TTI / Release /docs /REWARD_BACKEND_GUIDE.md
JosephBai's picture
Upload folder using huggingface_hub
857c2e9 verified
# Reward Backend Guide
This guide explains how to:
- select reward backend at runtime,
- understand backend capability differences,
- integrate a custom reward backend.
## 1) Runtime backend selection
Set backend via environment or Hydra override.
### Environment variable (recommended in scripts)
```bash
export EVOLVE_REWARD_BACKEND=vlac
# or
export EVOLVE_REWARD_BACKEND=robodopamine
```
Training scripts pass this value to:
```text
+actor_rollout_ref.rollout.reward_backend=<backend>
```
### Direct override
```bash
python scripts/train_libero_10-sft_full-ttt.py \
+actor_rollout_ref.rollout.reward_backend=vlac
```
## 2) Capability model
Backends are integrated with a capability contract:
- required: `progress`
- optional: `pairwise`
- optional: `done`
Current matrix:
| Backend | progress | pairwise | done |
|---|---|---|---|
| `vlac` | yes | yes | optional |
| `robodopamine` | yes | no | no |
`robodopamine` requires external Robo-Dopamine code (`GRMInference`). Set:
```bash
export ROBODOPAMINE_PATH=/path/to/Robo-Dopamine
```
or install Robo-Dopamine as an importable package in the active environment.
Fallback policy:
- if `pairwise` unsupported, pairwise reward branch is disabled.

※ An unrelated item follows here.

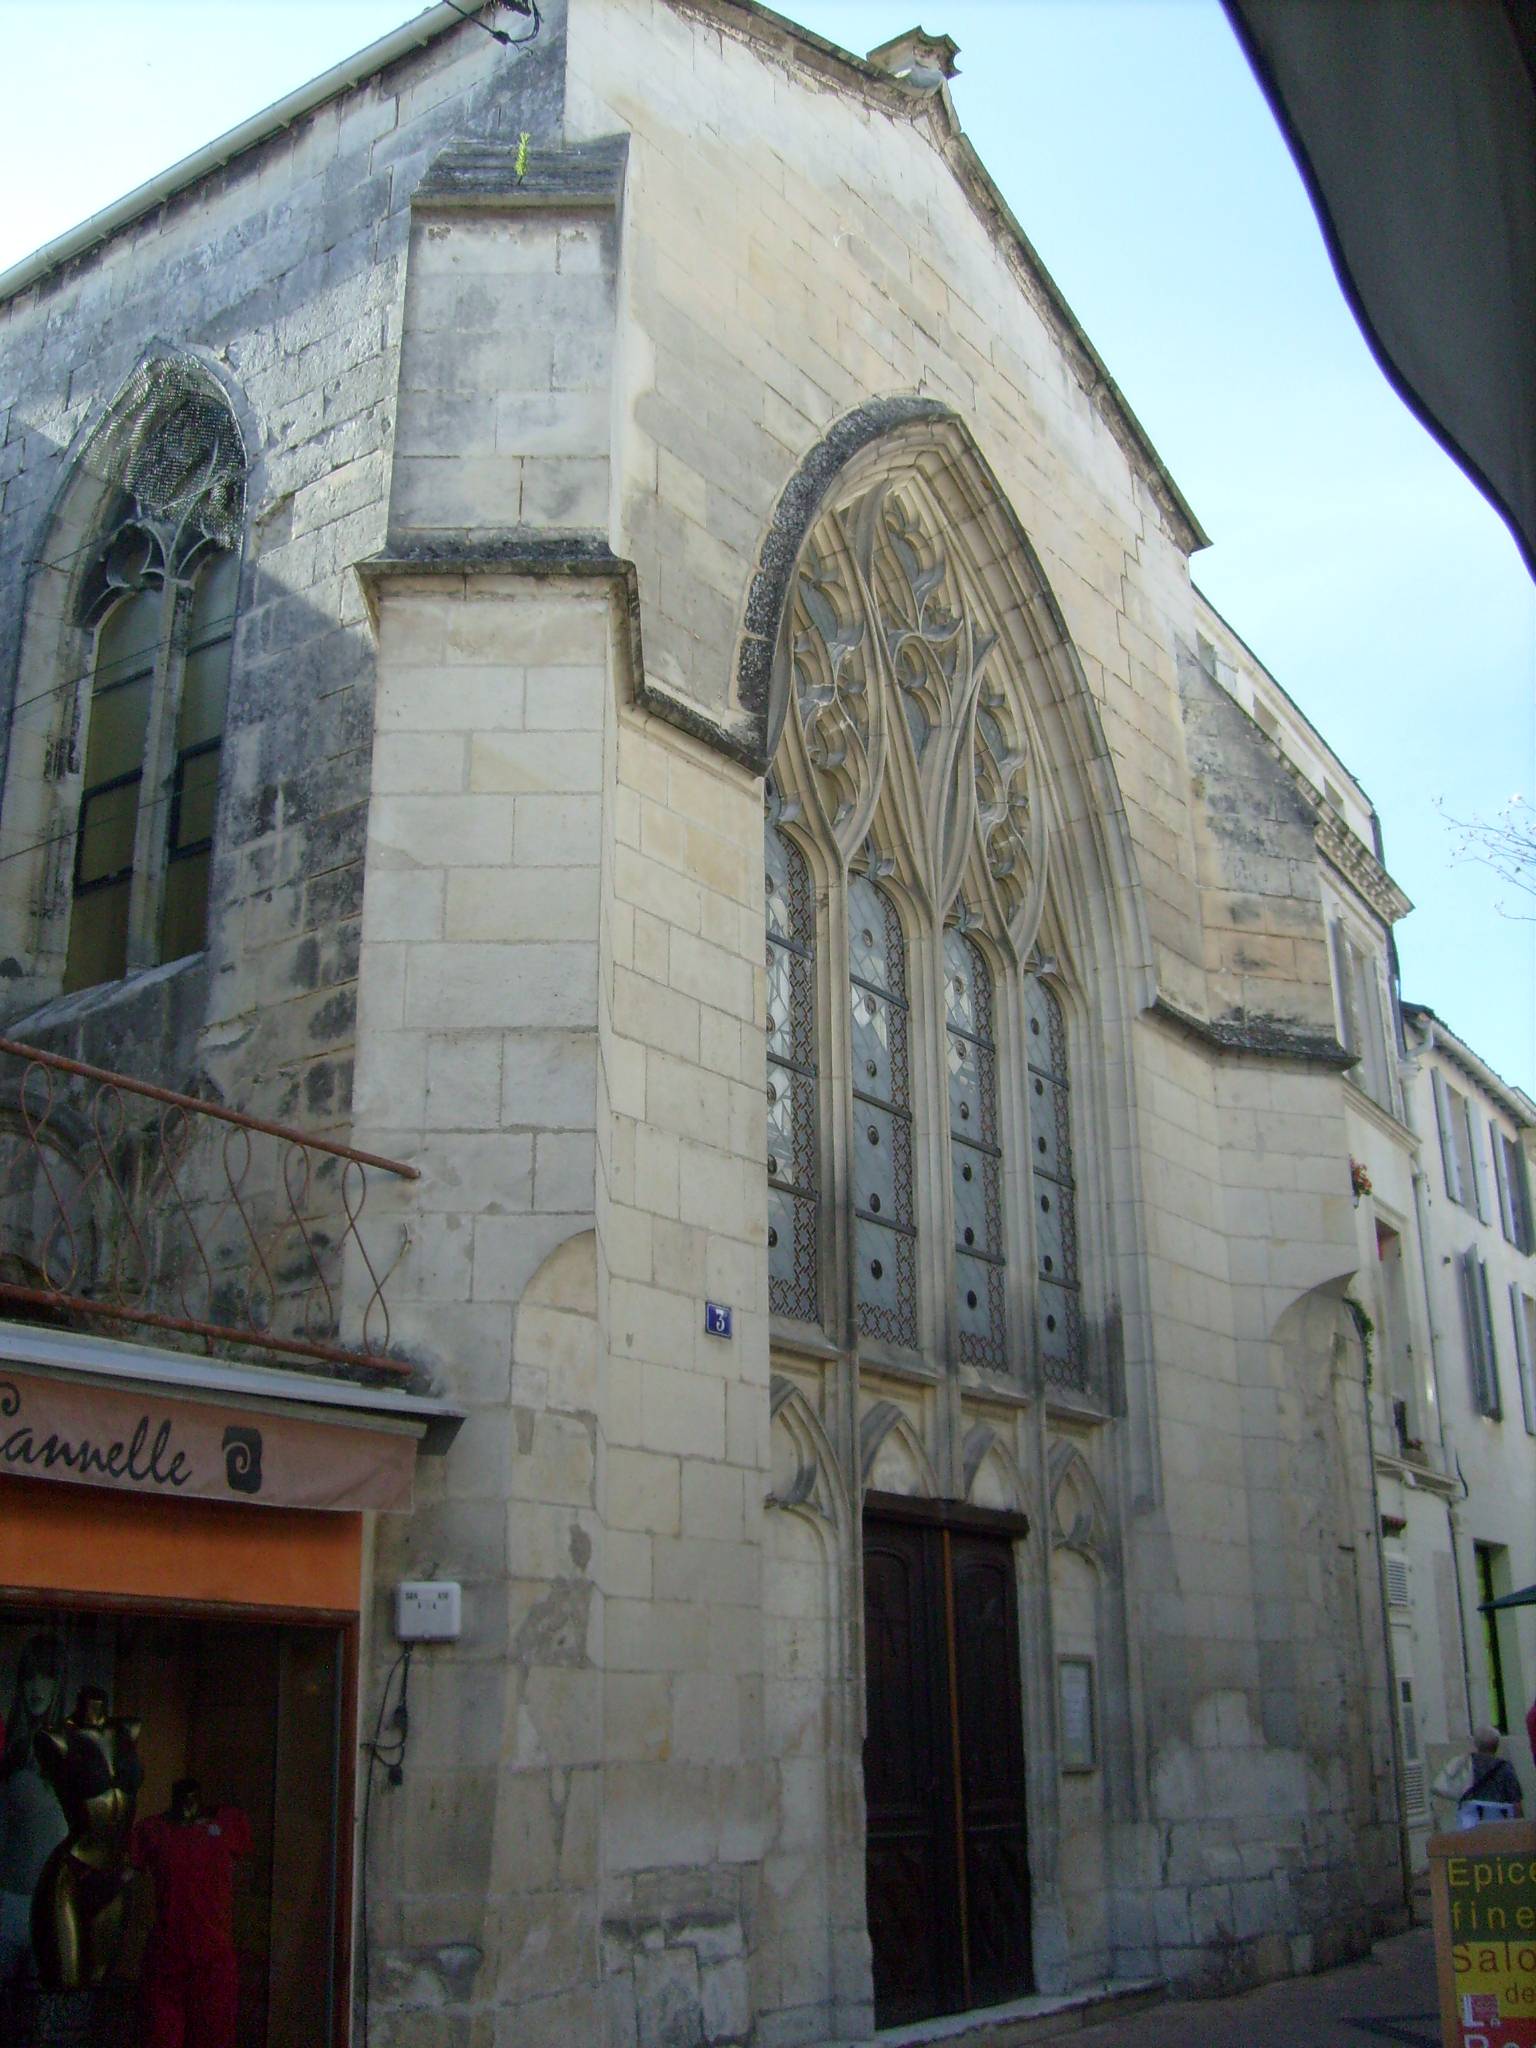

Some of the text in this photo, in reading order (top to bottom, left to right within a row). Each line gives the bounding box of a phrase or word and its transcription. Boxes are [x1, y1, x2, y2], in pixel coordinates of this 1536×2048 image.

[715, 1308, 725, 1331] 3
[1452, 1900, 1536, 1931] fine
[1505, 1982, 1535, 2004] de
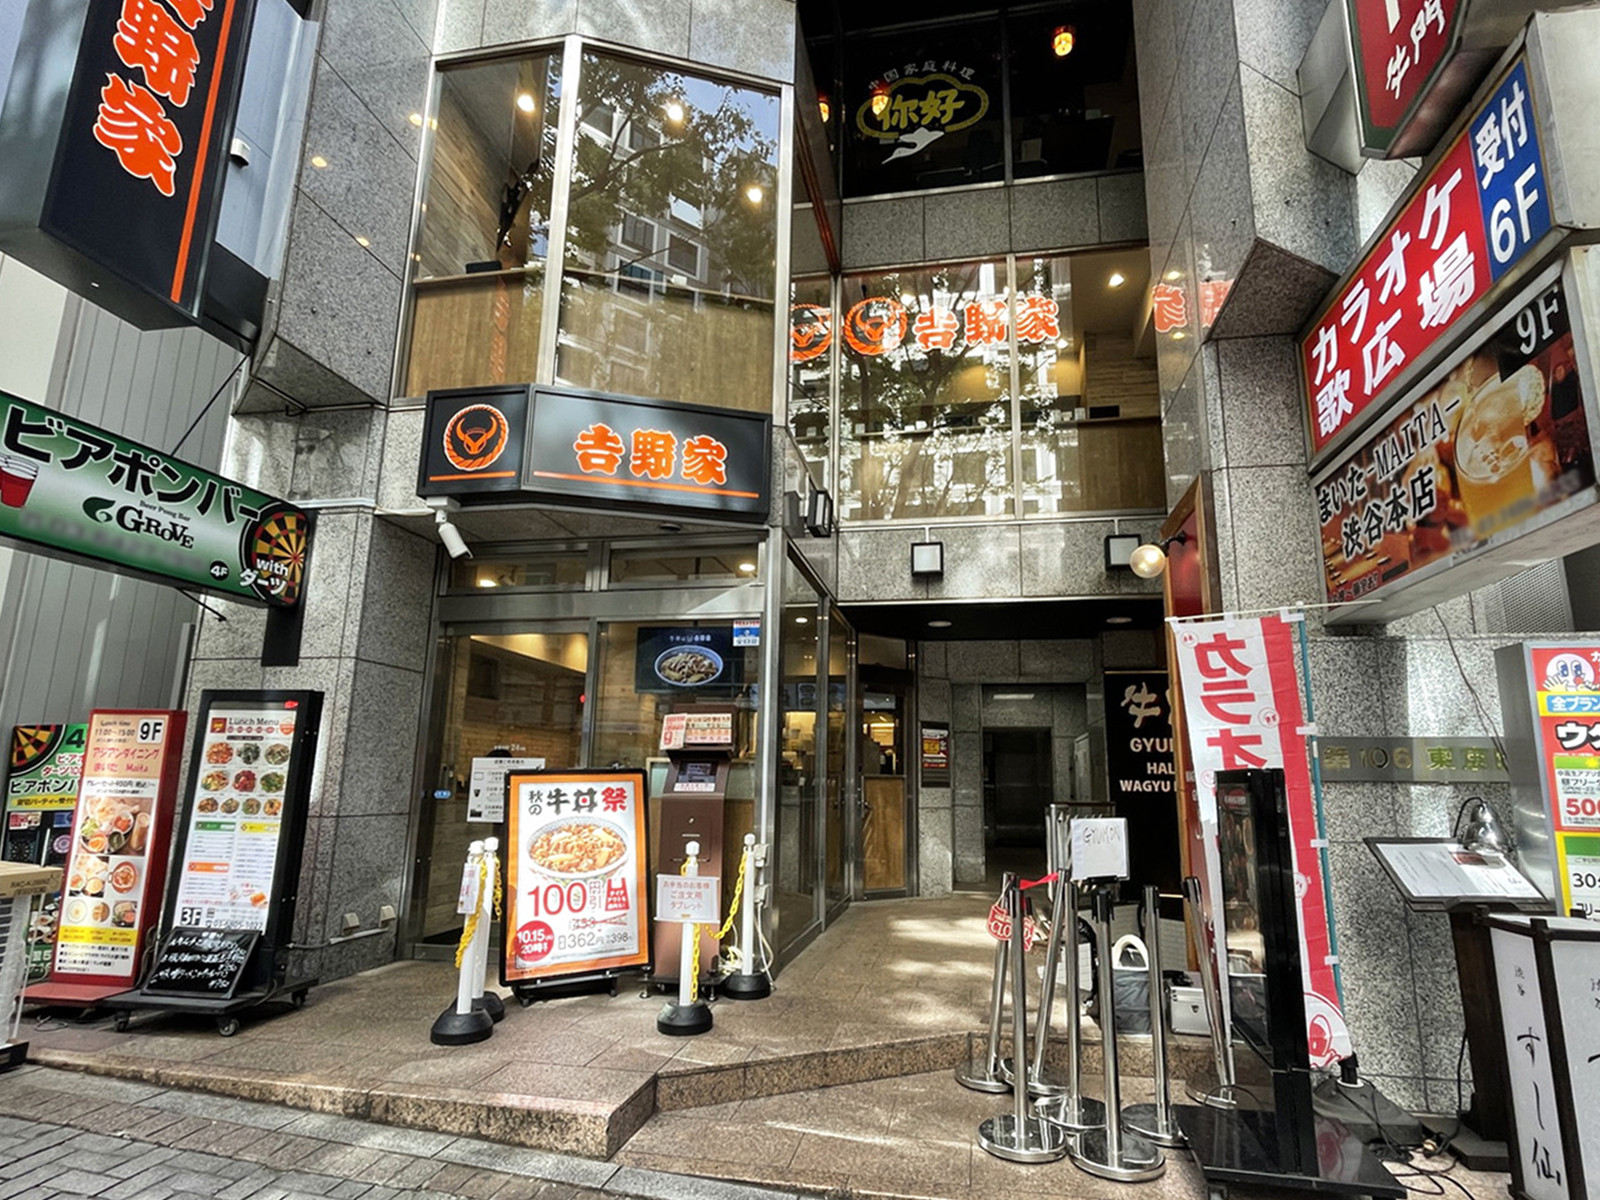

- termination remains derived from progress threshold.
## 3) Custom backend integration
### Step 1: Implement adapter
Create a backend class under `verl/utils/reward_backends/` with:
```python
capabilities = RewardBackendCapabilities(...)
def compute_trajectory_values(...):
...
def pairwise_critic(...):
...
```
`compute_trajectory_values` must return:
- `value_list`: progress values (0-100 scale expected by current rollout path),
- `critic_list`: pairwise/incremental critic list (may be empty if unsupported).
### Step 2: Register backend in factory
Edit `verl/utils/reward_backend_factory.py`:
- add capability entry to `_CAP_MAP`,
- add construction branch in `build_reward_backend_from_config(...)`.
### Step 3: Configure and run smoke check
```bash
python scripts/train_libero_10-sft_full-ttt.py \
+actor_rollout_ref.rollout.reward_backend=<your_backend>
```
Verify:
- rollout initializes,
- progress reward is non-empty,
- pairwise branch behavior matches declared capabilities.
## 4) Notes
- `vlac` remains the reference backend for paper-faithful behavior.
- custom backend integration should preserve algorithm invariants listed in `ALGORITHM_INVARIANTS.md`.